Building the connected enterprise

Recent developments in technology over the last decade have made it possible for businesses to inch closer towards becoming a connected enterprise – one that is more productive, makes better business decisions and drives collaboration.

Take cloud computing, for example. While enterprises once had to build and maintain expensive in-house software to run their business, they can now subscribe to sophisticated business applications through the cloud.

cloud

These cloud-based applications run the gamut, from sales and customer relationship management software to business tools that let enterprises manage their entire supply chains, finances and human resources.

More importantly, cloud computing, with its subscription-based or pay-per-use pricing, has levelled the playing field for small and medium-sized businesses (SMBs) that would otherwise not have been able to afford such applications.

“Across the region, cloud awareness and readiness is rising and Asia Pacific is truly paving the road to the next phase of growth for enterprises,” says Vadish Shetty, Head of Channel Marketing at Akamai in Asia Pacific and Japan.

“Organisations that leverage hybrid, as well as a mix of cloud services that bring differentiated and complementary value are more likely to be highly satisfied,” he says.

But it is not just cloud applications that are changing the game in enterprise IT. Cloud infrastructure services are also redefining how IT is being deployed in enterprises.

Instead of waiting for months to buy and install a new server, enterprises can now do so within minutes, through an infrastructure-as-a-service (IaaS) provider.

And the best part is, enterprises no longer need to worry about software patches or keeping servers up and running.
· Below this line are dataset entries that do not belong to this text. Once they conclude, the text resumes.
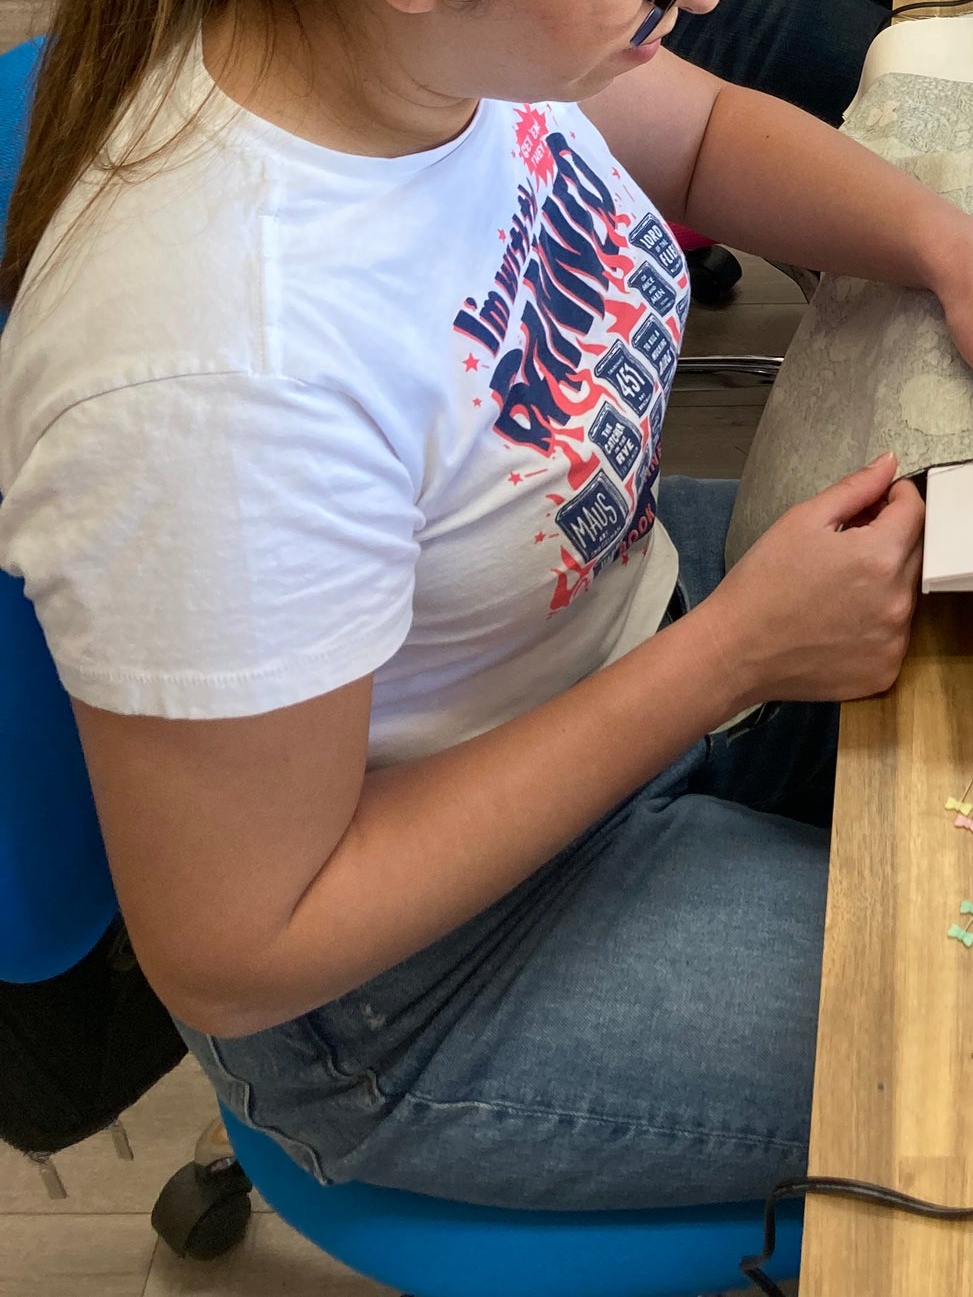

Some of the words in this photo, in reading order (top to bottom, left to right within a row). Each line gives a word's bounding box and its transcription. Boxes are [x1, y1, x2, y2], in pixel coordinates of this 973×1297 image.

[640, 224, 663, 250] LORD
[453, 290, 510, 359] I'm
[494, 213, 530, 306] with
[487, 131, 618, 458] BANNED
[650, 288, 666, 305] MEN
[616, 362, 645, 397] 451
[601, 422, 613, 438] THE
[604, 422, 626, 455] CATCHER
[615, 438, 635, 465] RYE
[570, 492, 618, 549] MAUS
That allows them to focus on strategies to grow their business, rather than spend time and resources to keep the lights on.

As more organisations move to the cloud, data privacy and cyber security continue to weigh in as the biggest challenges on the minds of Chief Information Officers who are now spending more on IT security.
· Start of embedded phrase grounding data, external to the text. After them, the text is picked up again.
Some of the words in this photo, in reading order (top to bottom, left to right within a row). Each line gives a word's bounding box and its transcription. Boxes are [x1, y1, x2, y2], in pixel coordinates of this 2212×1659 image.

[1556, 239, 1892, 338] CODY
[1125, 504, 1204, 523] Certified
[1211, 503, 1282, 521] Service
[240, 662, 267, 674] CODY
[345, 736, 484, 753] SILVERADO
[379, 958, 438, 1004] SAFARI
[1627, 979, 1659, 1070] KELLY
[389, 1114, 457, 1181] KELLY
According to technology research firm Gartner, worldwide spending on information security reached US$71.1 billion in 2014, an increase of 7.9 per cent over 2013. This is expected to grow a further 8.2 per cent in 2015 to reach US$76.9 billion.
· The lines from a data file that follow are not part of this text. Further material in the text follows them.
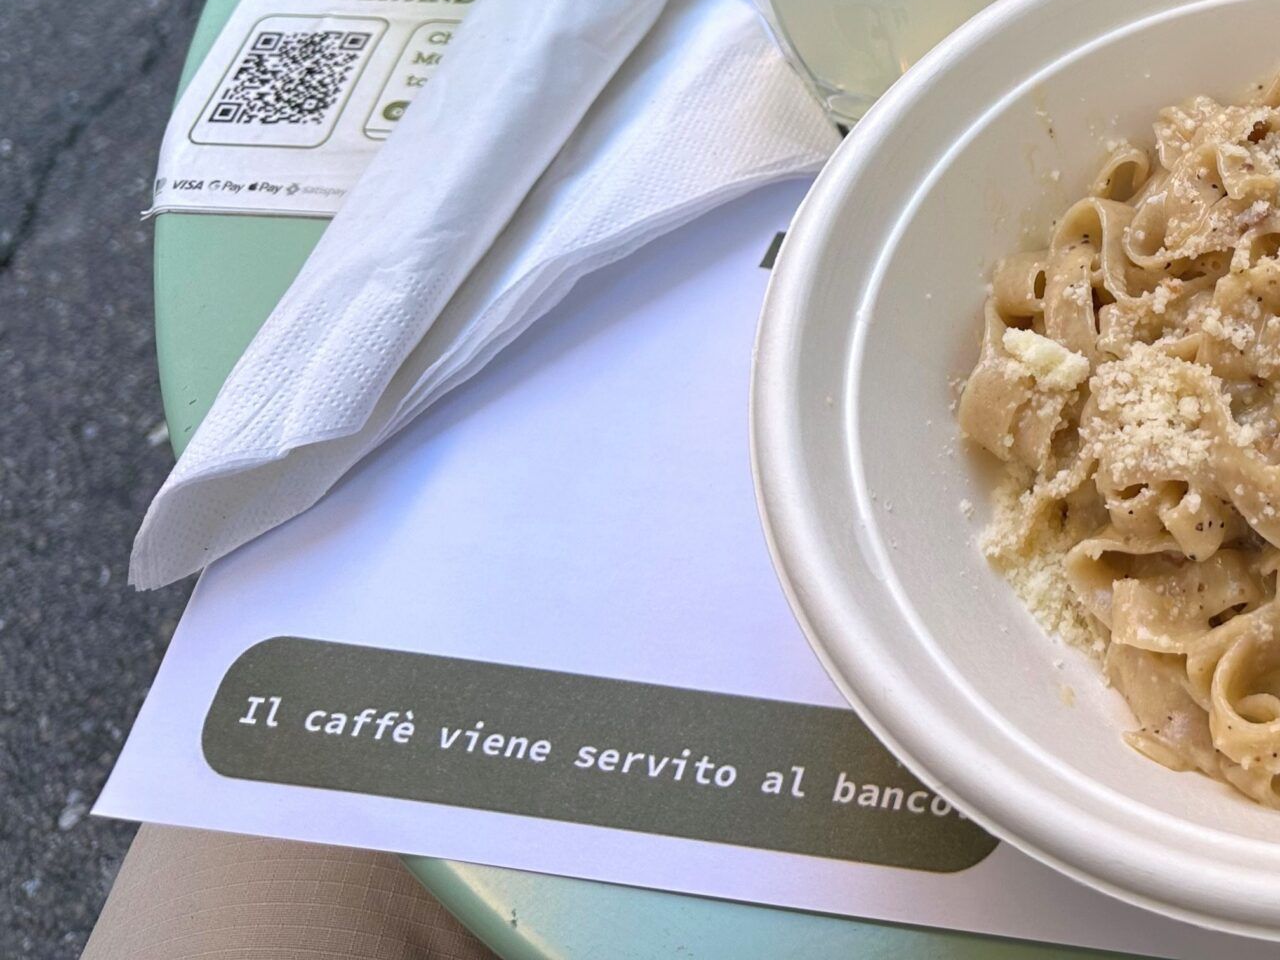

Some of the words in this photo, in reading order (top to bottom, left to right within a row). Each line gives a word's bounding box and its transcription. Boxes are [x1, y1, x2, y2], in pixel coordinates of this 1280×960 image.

[172, 180, 204, 191] VISA
[222, 181, 245, 194] Pay
[258, 182, 283, 195] Pay
[239, 696, 282, 727] Il
[304, 708, 415, 743] caffè
[439, 721, 552, 763] viene
[573, 744, 737, 788] servito
[761, 766, 806, 798] al
Also significant to enterprises is mobility, where employees empowered with mobile devices are able to work effectively anytime, anywhere. It makes for more productive and happier employees too, especially among millennial workers who are demanding greater work-life balance and workplace flexibility.

Indeed, more enterprises are embracing Bring Your Own Device (BYOD) policies to allow employees to use personal devices for work. But this also presents security challenges for organisations, which may not have the tools or know-how to secure an onslaught of personal devices connecting to corporate IT networks.

That is why more than half of enterprises will turn to security service firms that specialise in data protection, security risk management and security infrastructure by 2016, giving rise to significant growth throughout the globe for managed security services, according to Gartner.

Sense making and the social enterprise

As employees become more mobile, they have also become more social. Businesses can turn this into a competitive advantage by harnessing social media tools to enhance collaboration among employees and engage customers.

A slew of enterprise social tools geared towards the needs of businesses have sprung up in recent years, allowing employees to share ideas and collaborate on projects via corporate social networks. Others help businesses track social media activities across multiple marketing channels.

According to IDC, the global market for enterprise social software was worth US$0.9 billion in 2011, but this will rise to US$4.5 billion by 2016. In fact, IDC believes that social software is expected to replace other collaboration applications, with sales growing at a compound annual rate of 43 per cent.

Oftentimes, social software will come with analytics capabilities to help enterprises make sense of all the data generated by customers and employees within an organisation.

“Data analytics allows business owners to extract useful insights that explain how customers behave,” says Erel Rosenberg, CEO of DFRC, a data analytics specialist.

Retailers, for instance, could use DFRC’s unique combination of sensors and monitoring tools to find out if customers are returning to their stores or staying longer, and if they are focusing on a specific area inside a mall.

At EnterpriseIT2015, DFRC will be launching Tiko, a shopping malls analytics and engagement platform. Developed with DFRC’s Swedish partners, Tiko aims to provide insights from the DFRC crowd analytics engine, along with a gamification app that lets users collect miles in exchange for special shopping deals.

In addition, Tecom will be touting its IG7600 Smartphone Business Communication System that turns smartphones into office phones. As long as there is Wi-Fi or mobile data coverage, users can access PSTN lines in the office and enjoy all business communications functions.

These solutions and more will be showcased at EnterpriseIT in Singapore from 2-5 June at Marina Bay Sands. The NXT thematic clusters at the show will provide businesses with innovations to help overcome challenges in today’s digitised landscape.

The clusters will encompass new solutions and technologies in areas such as big data and analytics, BYOD, mPayment, cloud, enterprise mobility and security, among many others that empower the workforce, enable mobility and increase efficiency.